Gov. Andrew Cuomo is without a doubt having a moment. His response to the coronavirus outbreak has received widespread approval. His daily press briefings are expanding public understanding of the pandemic in a way quite unlike those done by President Donald Trump and New York City Mayor Bill de Blasio. #PresidentCuomo was a top trending topic on Twitter on Saturday. Cuomo is even getting some love from female fans and Italians alike.
Despite all of this, there are several aspects of the governor’s approach that are spurring significant criticism from lawmakers and activists alike. The governor continues to claim that a recently-passed federal coronavirus stimulus bill did not include any aid for New York state, which is not exactly accurate. Though confirmed cases in jails and prisons (and juvenile facilities) across the state are on the rise, Cuomo has continued to downplay the risk of a widespread outbreak among incarcerated people and corrections staff.
On Saturday, Cuomo claimed that there was no “significant issue” with the spread of coronavirus in jails and prisons. He also repeated a claim the next day that the state got no federal aid from a bill that Trump signed into law earlier in the week, which makes billions in federal aid contingent on states refraining from making changes to their Medicaid programs.

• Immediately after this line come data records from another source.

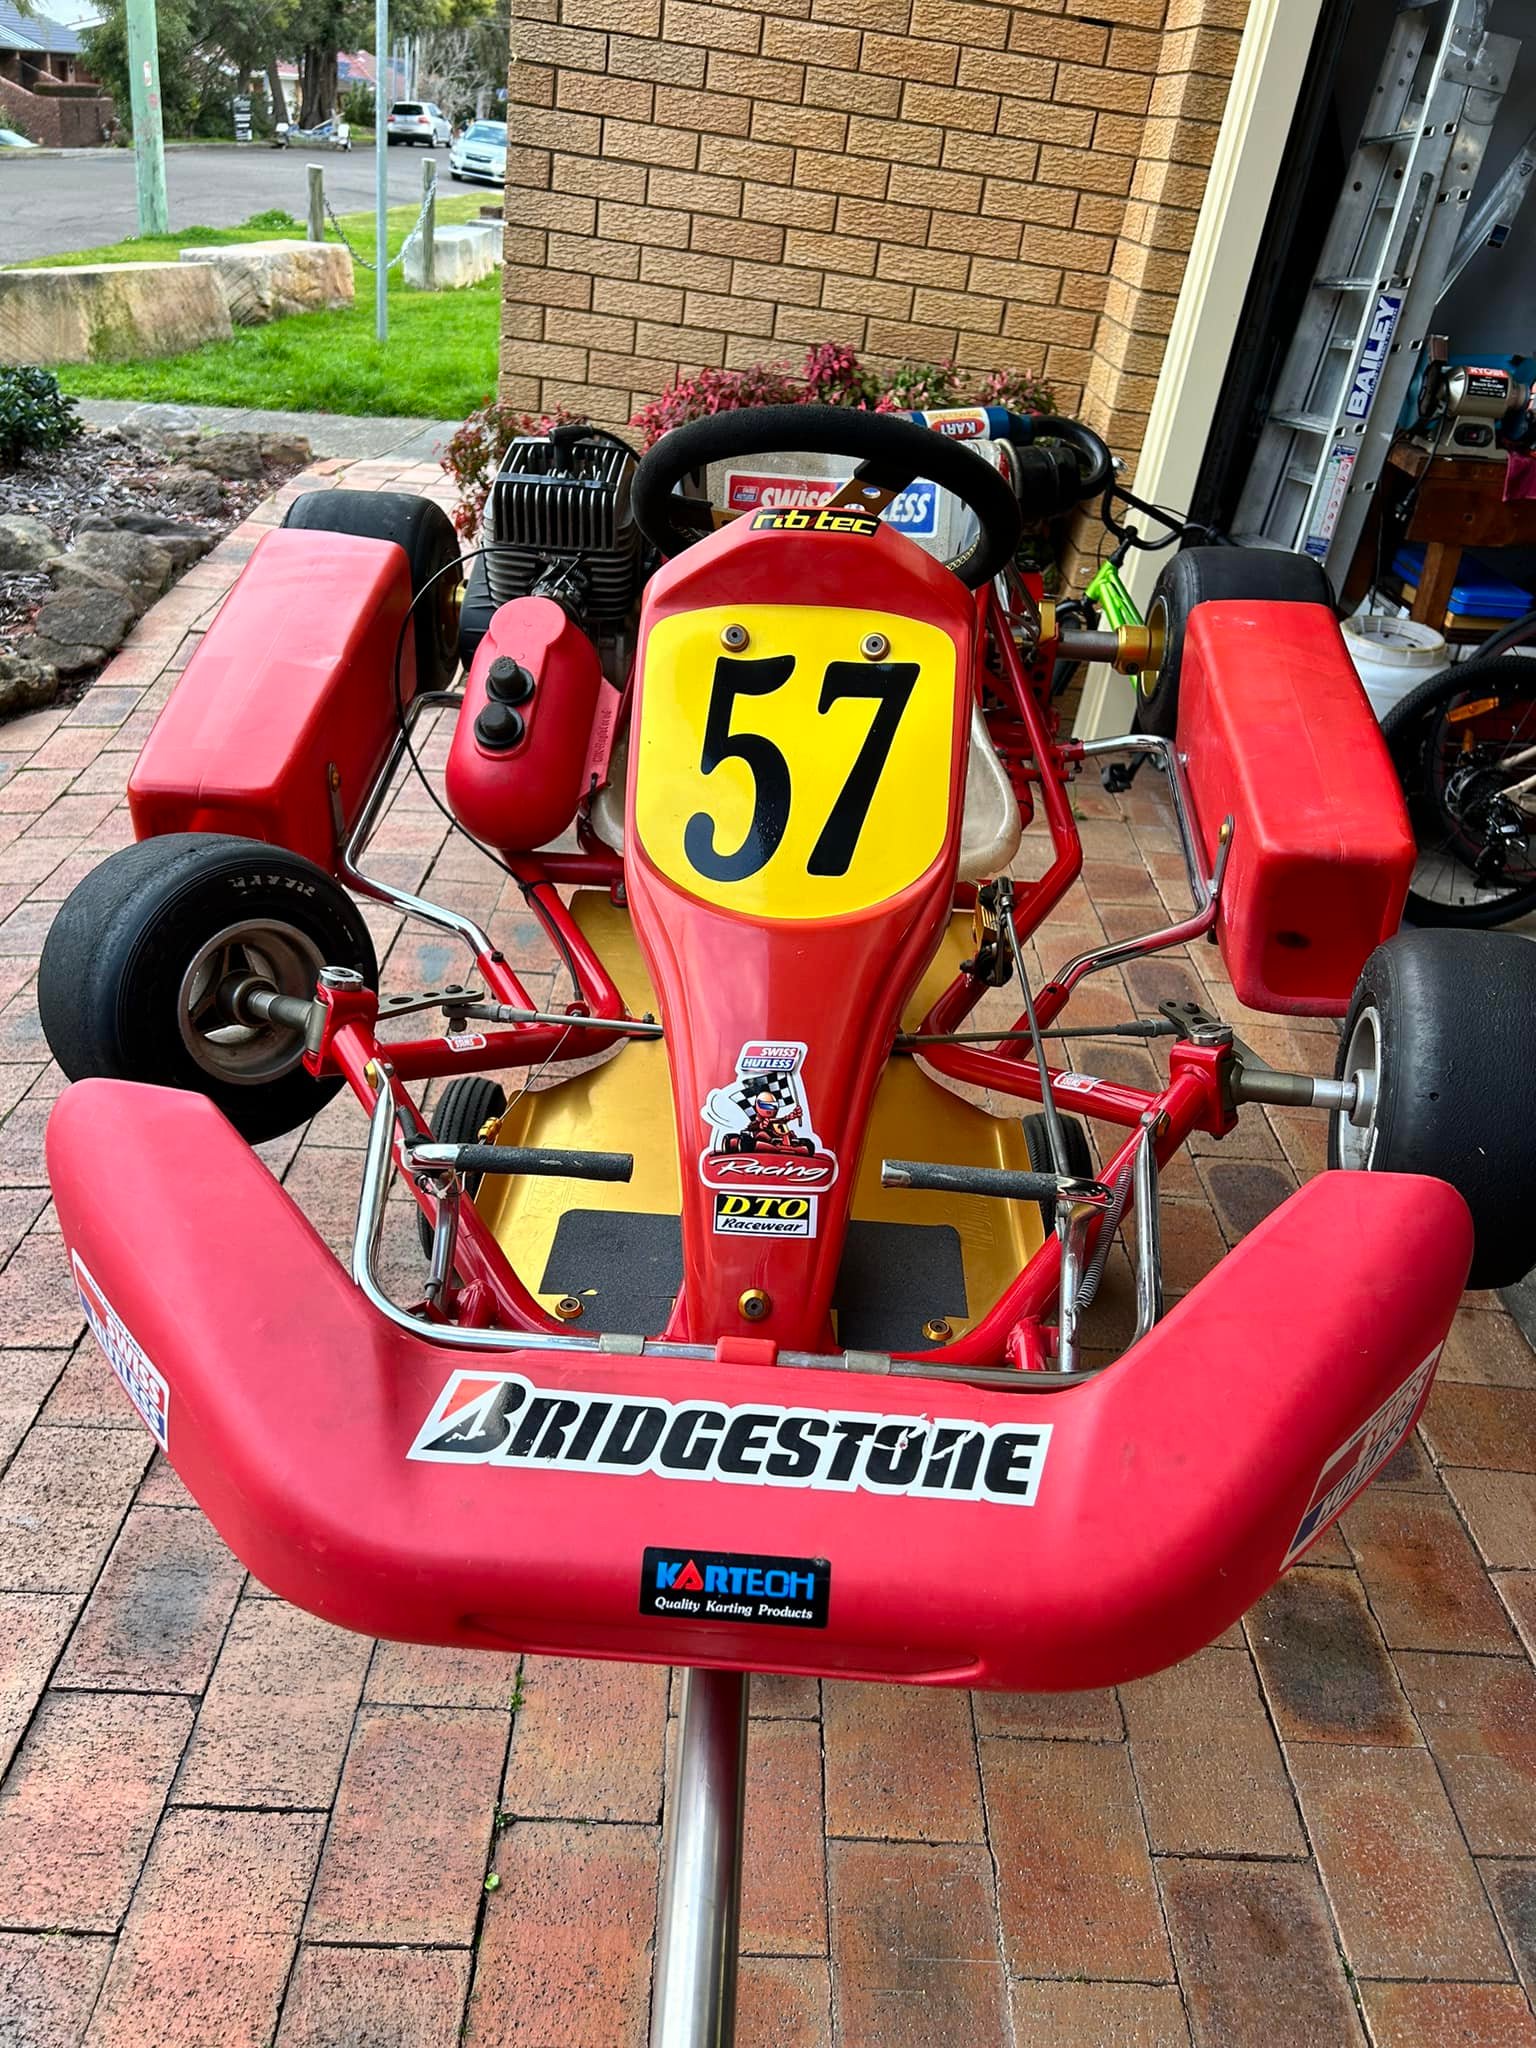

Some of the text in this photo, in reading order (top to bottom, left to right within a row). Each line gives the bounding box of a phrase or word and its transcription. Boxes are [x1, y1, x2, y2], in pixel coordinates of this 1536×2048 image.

[1350, 297, 1397, 415] BAILEY
[940, 421, 976, 435] KART
[684, 655, 920, 882] 57
[742, 1058, 793, 1069] HUTLESS
[760, 1047, 797, 1057] SWISS
[709, 1158, 830, 1182] Racing
[721, 1218, 803, 1232] Racewear
[106, 1314, 160, 1404] SWISS
[421, 1382, 1041, 1496] BRIDGESTONE
[656, 1559, 815, 1600] KARTECH
[655, 1596, 813, 1619] Quality Karting Products
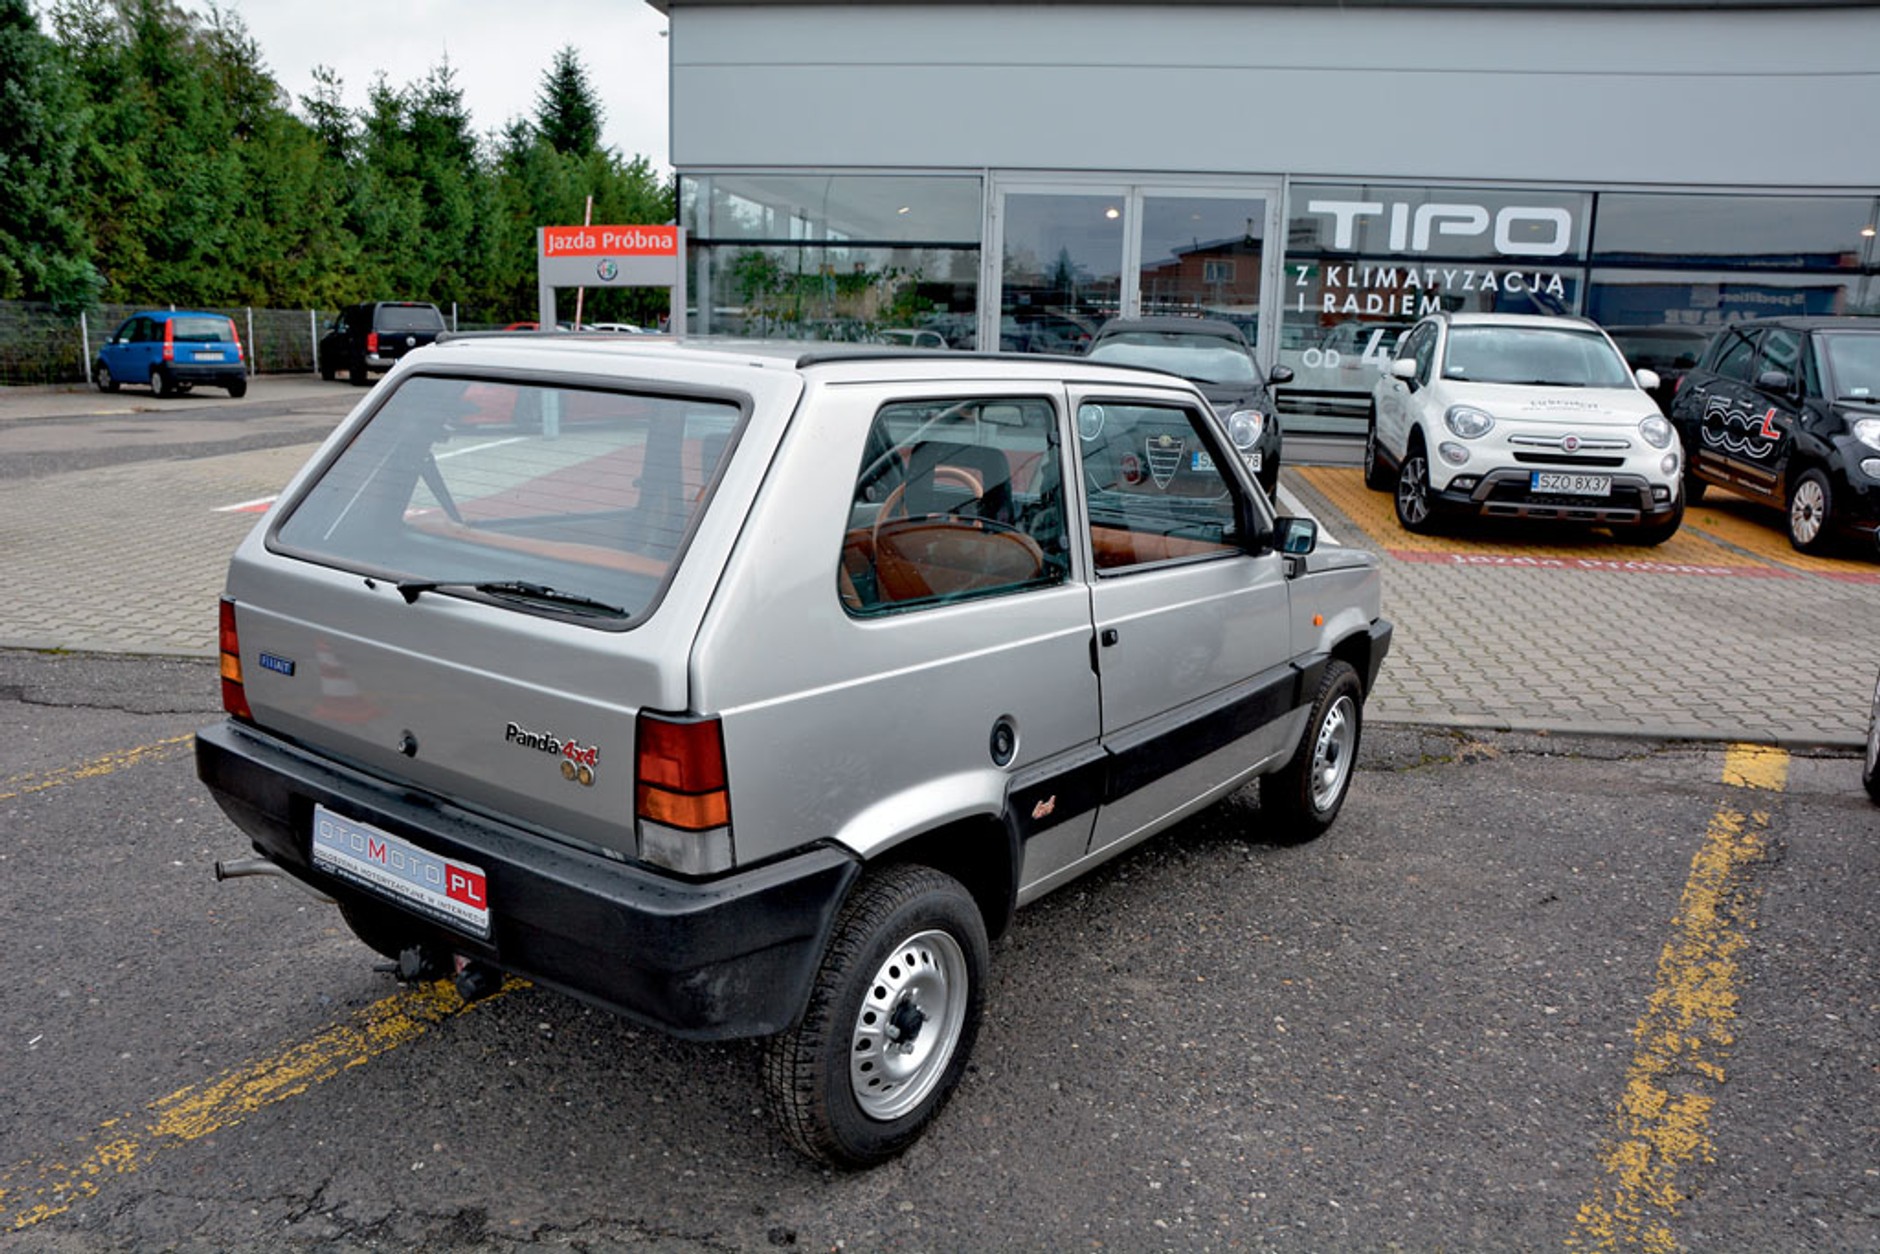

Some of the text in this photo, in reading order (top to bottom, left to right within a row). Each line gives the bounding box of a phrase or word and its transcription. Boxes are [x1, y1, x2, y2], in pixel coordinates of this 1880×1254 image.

And then there is the issue of rent. “We took care of the rent issue here in New York,” Cuomo told reporters at a Sunday morning press conference at the state Capitol. He added, “You cannot be evicted for nonpayment of rent,” per a directive he issued Friday.
However, all three issues are much more complicated than he is letting on during the daily briefings that have fueled an enormous spike in his popularity in recent weeks.
Cuomo’s claim that it’s all good for tenants? “This is false,” state Senate Deputy Majority Leader Michael Gianaris, who plans to propose legislation that would forgive residential and commercial rents for people and businesses who have lost work or been forced to close down because of the pandemic, said on Twitter in response to the governor’s remarks on rent. “Postponing evictions while allowing rent obligations to continue to accumulate only creates a bigger housing crisis in the months.” The governor has issued a 90-day moratorium on evictions.
Such claims have diminished some of the political popularity that Cuomo is getting from his overall well-received response to the pandemic. Groups on the political left and right are criticizing his insistence on staying the course with limiting spending on Medicaid. Activists are continuing to push for the release of elderly and sick inmates. His continued efforts to amend recently-implemented bail reforms to give judges more discretion to keep dangerous inmates in jail is also controversial.
Cuomo’s domination of state politics has only increased in recent weeks, but he has appeared to respond to political pressure at times. Notable examples include that moratorium on evictions as well as moves to make insurance companies cover coronavirus testing and treatment.
Lawmakers are aware that the budget is their only point of leverage, and that they also need to differentiate between the governor’s actions that they support – and those that require more scrutiny. “You have to pay attention to the details because the governor is always about the details,” state Senate Health Committee Chair Gustavo Rivera told City & State this week. “Once he gets done with the budget, he doesn't need a legislature anymore.” And when that happens, lawmakers and activists alike will lose an important tool in dealing with a governor who is more in control than ever, for better or worse.